The motion to recommit stated that any former member of Congress, who is registered as a lobbyist, and whose annual income exceeds $1 million, would be ineligible to receive pension benefits from either congressional pension program. The resolution also increased the contributions members must make to their pensions, terminated the special annuity supplement for members who retire early, and prohibited members from contributing to the Thrift Savings Program.
"All of those items were worthy of support in my mind," Rep. Coble concluded, "so that is why I supported to the motion to send the bill back to committee. Once that failed, I voted for final passage of the Ryan sequestration replacement bill."

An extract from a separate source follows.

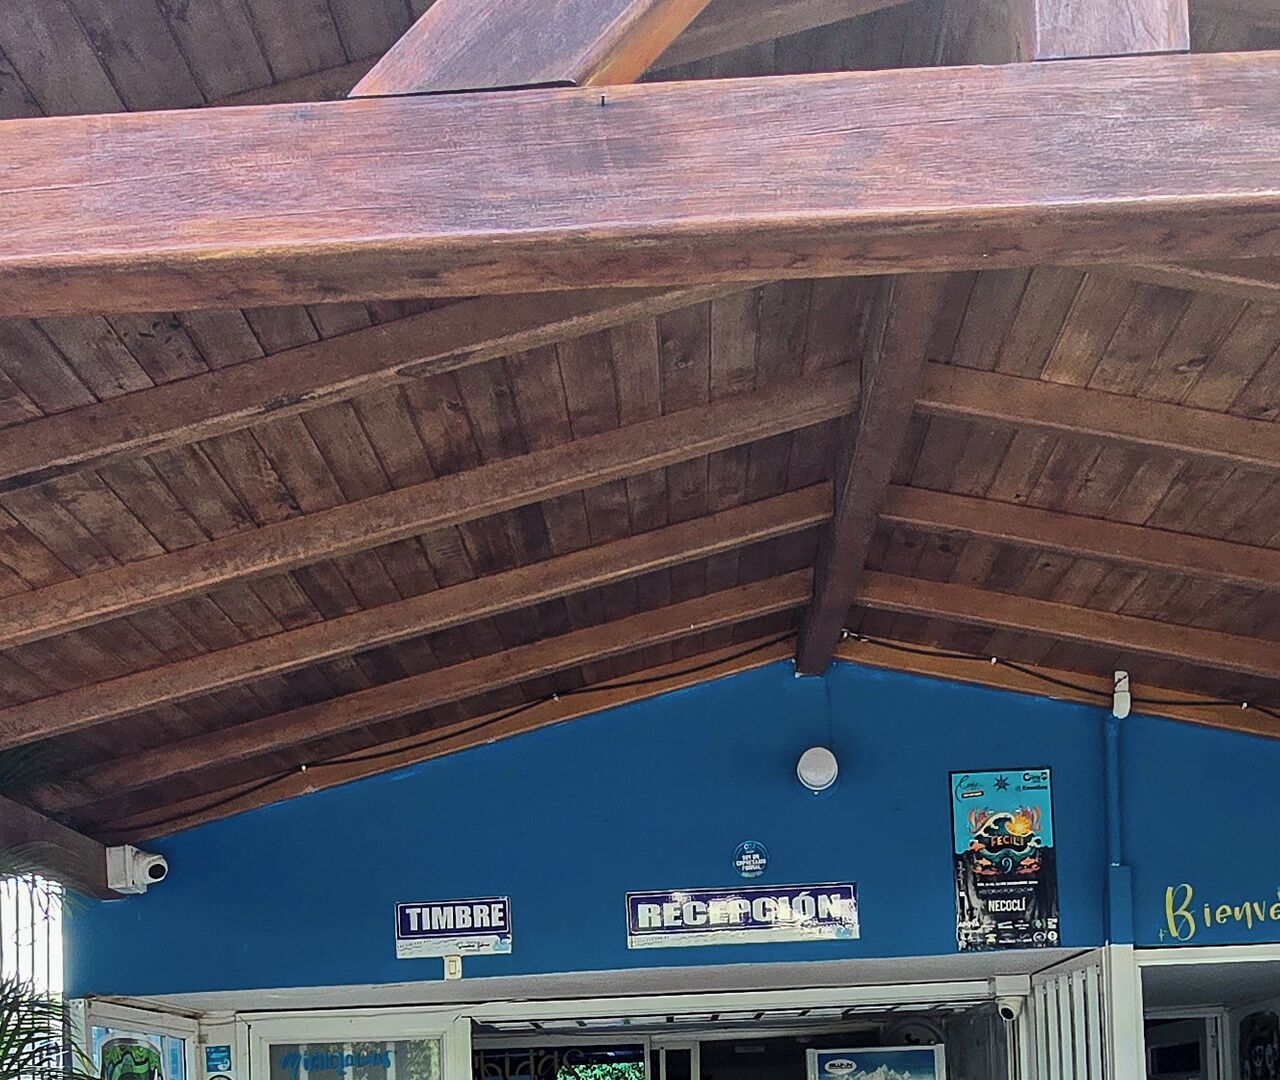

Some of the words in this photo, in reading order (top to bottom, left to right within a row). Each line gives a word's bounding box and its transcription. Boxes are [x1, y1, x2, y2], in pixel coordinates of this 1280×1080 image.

[406, 903, 505, 931] TIMBRE
[637, 890, 843, 928] RECEPCIÓN
[988, 896, 1026, 912] NECOCLÍ

The Sequester Replacement Reconciliation Act (H.R. 5652) would replace a budget sequester scheduled for January 2, 2013, that would result in a $1.2 trillion across-the-board spending reduction. The motion to recommit failed 170-232, with Howard Coble and Walter Jones being the only two Republicans to vote in favor of the motion. The Ryan bill, which Rep. Coble voted for, passed 218-199, with 16 Republicans voting against.